Our final “reference standard” dataset for benchmarking includes 48 proteins, of which 10 are homodimeric, 1 is homotetrameric and the others are monomeric, according to the information of their biological assembly, derived from the indications in RCSB PDB database , from the literature associated to each structure and from visual inspection to solve ambiguities. In some cases, the multimeric proteins show only one chain in the PDB file: in these cases, we reconstructed the biological assembly by means of MakeMultimer.py tool, available at http://watcut.uwaterloo.ca/tools/makemultimer/. On the other hand, many monomeric proteins show more than one (identical) chain in their PDB file: in these cases, we decided to submit each chain independently for the prediction. For the monomeric proteins with more than one chain in their PDB files, we calculated the predictions separately for each chain, and then we averaged the value of ΔΔG for each mutation and predictor. For multimeric proteins, only MAESTROweb allows to calculate directly the effect of mutations on a protein composed by more than one chain. Therefore, we performed the prediction by using the appropriate settings for multimeric prediction available on the Web server, whereas for the other predictors we performed the predictions separately for each chain, and then summed the value of ΔΔG for each mutation and predictor.

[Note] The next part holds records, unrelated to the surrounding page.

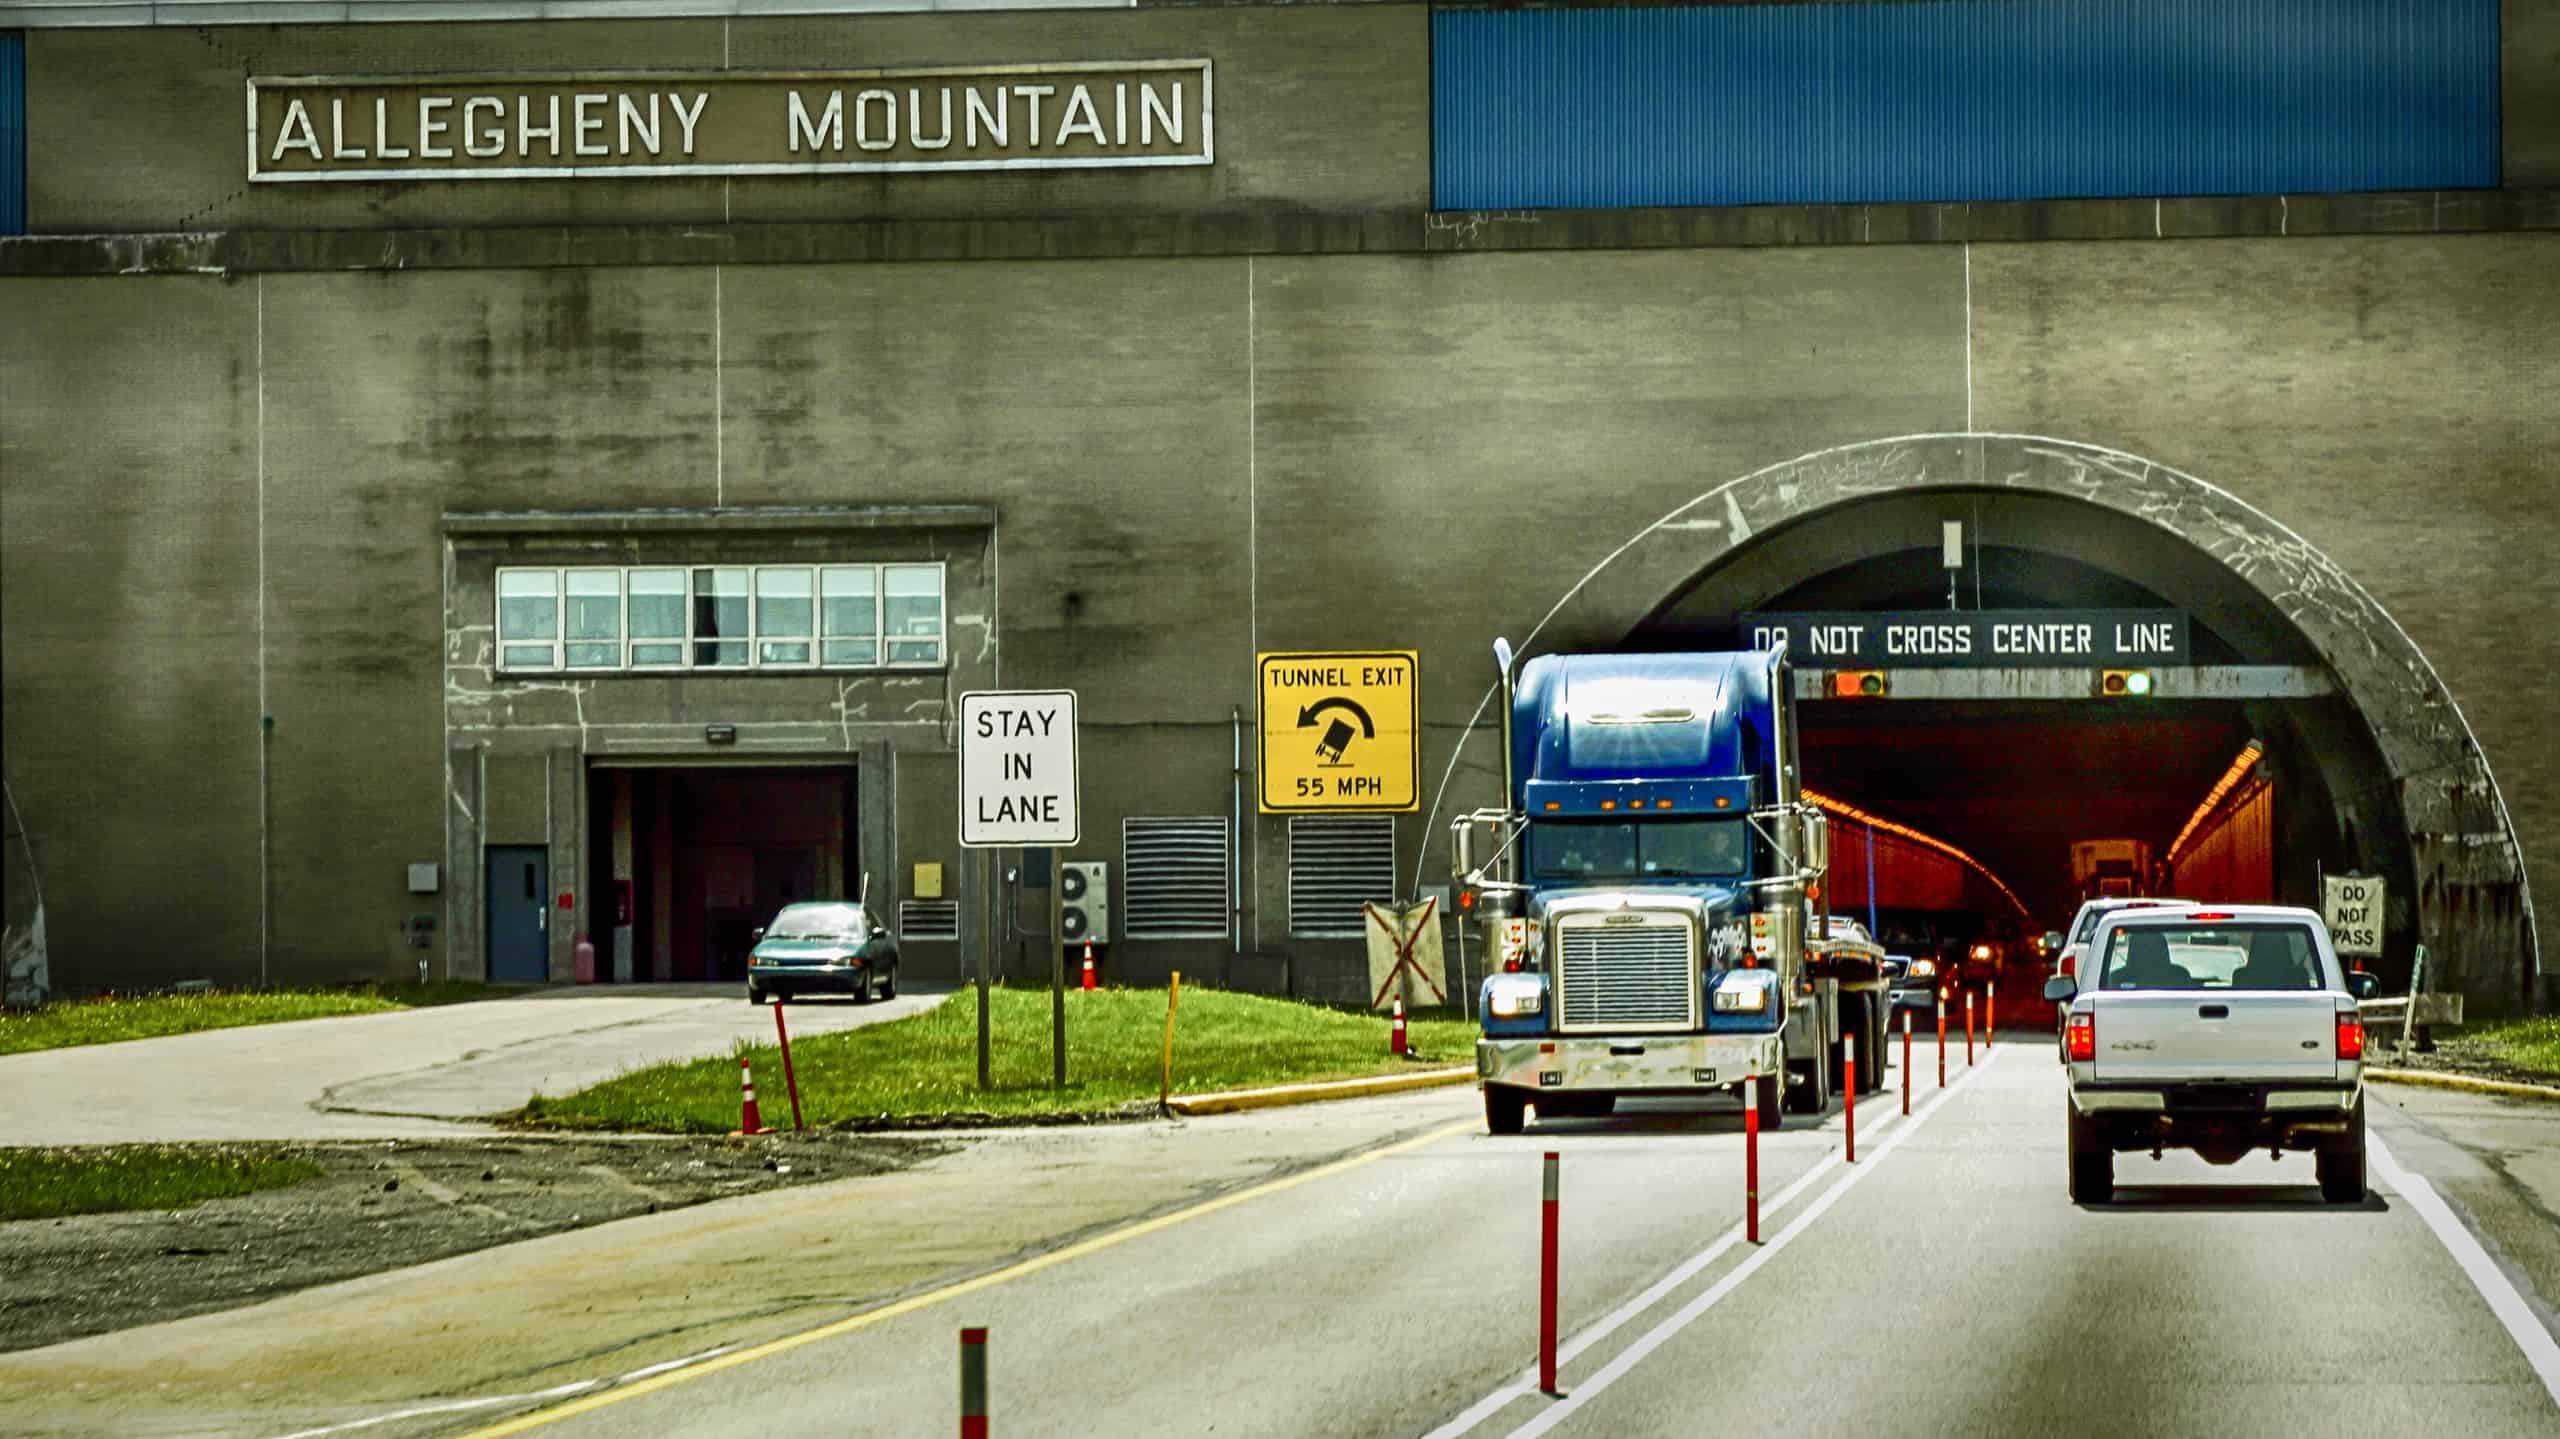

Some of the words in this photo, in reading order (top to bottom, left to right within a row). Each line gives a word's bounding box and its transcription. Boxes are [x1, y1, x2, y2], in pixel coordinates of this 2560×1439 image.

[271, 92, 709, 161] ALLEGHENY
[788, 82, 1185, 152] MOUNTAIN
[1811, 626, 1863, 654] NOT
[1887, 626, 1971, 654] CROSS
[1993, 625, 2092, 653] CENTER
[2116, 624, 2175, 653] LINE
[1270, 668, 1351, 687] TUNNEL
[1362, 667, 1405, 686] EXIT
[977, 710, 1057, 738] STAY
[1003, 754, 1032, 780] IN
[1296, 778, 1325, 797] 55
[1337, 777, 1382, 797] MPH
[978, 795, 1060, 823] LANE
[2343, 886, 2365, 901] DO
[2338, 908, 2369, 923] NOT
[2333, 929, 2374, 946] PASS

Our reference dataset contains the effects of 1024 mutations introduced in the 48 proteins selected. We considered 585 mutations as “destabilizing” (ΔΔG < -0.5 kcal/mol), 168 as “slightly destabilizing” (− 0.5 ≤ ΔΔG < 0 kcal/mol), 103 as “slightly stabilizing” (0 < ΔΔG ≤ 0.5 kcal/mol), 147 as “stabilizing” (ΔΔG > 0.5 kcal/mol), and we also included in the dataset 21 mutations with ΔΔG = 0. Mutations affecting monomeric proteins are 759, mutations affecting multimeric proteins are 265.
From these data, it appears that the distribution of mutations with ΔΔG < 0 and ΔΔG > 0 is unbalanced; in particular, mutations with ΔΔG < 0 are three times those with ΔΔG > 0. Therefore, we derived two subsets of mutations, one for monomeric and one for multimeric proteins, well balanced for the distribution of ΔΔG, by keeping all stabilizing mutations and selecting an equal number of destabilizing mutations. The criteria to balance the dataset were: (1) ΔΔG distribution: we divided the dataset into ΔΔG ranges (in absolute value), and selected for each ΔΔG range an equal number of destabilizing and stabilizing mutations; (2) mutant protein: for each ΔΔG range, we selected destabilizing mutations coming from the same protein, or at least coming from proteins from the same structural family, as identified by the CATH code ; (3) type of mutation: for each ΔΔG range, we selected a balanced number of mutations of the same type (e.g. a mutation replacing a hydrophobic residue by a negatively charged one). These two subsets were used to assess the bias of the predictors towards destabilizing mutations.
The original dataset, the reference dataset and the two balanced subsets are provided as Additional file 13: File S1. A detailed analysis of our reference dataset composition in terms of type of proteins, type of mutations, distribution according to experimental ΔΔG, residue distribution, contributions of different proteins, structural features is reported in Additional file 14: File S2.
As reported in Table 1, the datasets used for training all the predictors include, or are derived, from the so-called "S2648 dataset", made of 2648 different point-mutations (602 stabilizing and 2046 destabilizing) across 131 globular proteins with experimentally determined structures and impact on protein stability, extracted from ProTherm (freely available at the VariBench database suite  (http://structure.bmc.lu.se/VariBench/stability.php; Dataset 10). This dataset was originally developed in 2009 to train a previous version of PoPMuSiC and therefore is less curated than the one we used to assess the performances of the predictors. Our dataset includes 28 proteins (out of 48) and 641 mutations (out of 1024) in common with the S2648 dataset (Additional file 14: File 2 details also this information). However, as we pointed out previously, in our dataset all chains included in the PDB files of the 28 proteins were taken into account, whereas only the first chain of the PDB file was taken as reference in S2648 dataset. Moreover, in our dataset multimeric proteins were considered in their quaternary assembly, whereas in the S2648 dataset all proteins were treated as monomeric. For these reasons, our dataset cannot be considered truly overlapping the S2648 dataset.
Criteria and statistical analysis used to perform the assessment
As our main goal was to assess if predictors correctly identify those mutations that destabilize or stabilize the protein of interest, we evaluated whether the sign of the ΔΔG predicted by the different tools was in agreement with the sign of the experimental measure associated to the same mutation.
In our assessment, we evaluated the performance of the predictors separately for those mutations with a ΔΔG value comparable to the experimental error made to measure ΔΔG variation (between − 0.5 and 0.5 kcal/mol ), and for mutations with a ΔΔG value falling outside this range.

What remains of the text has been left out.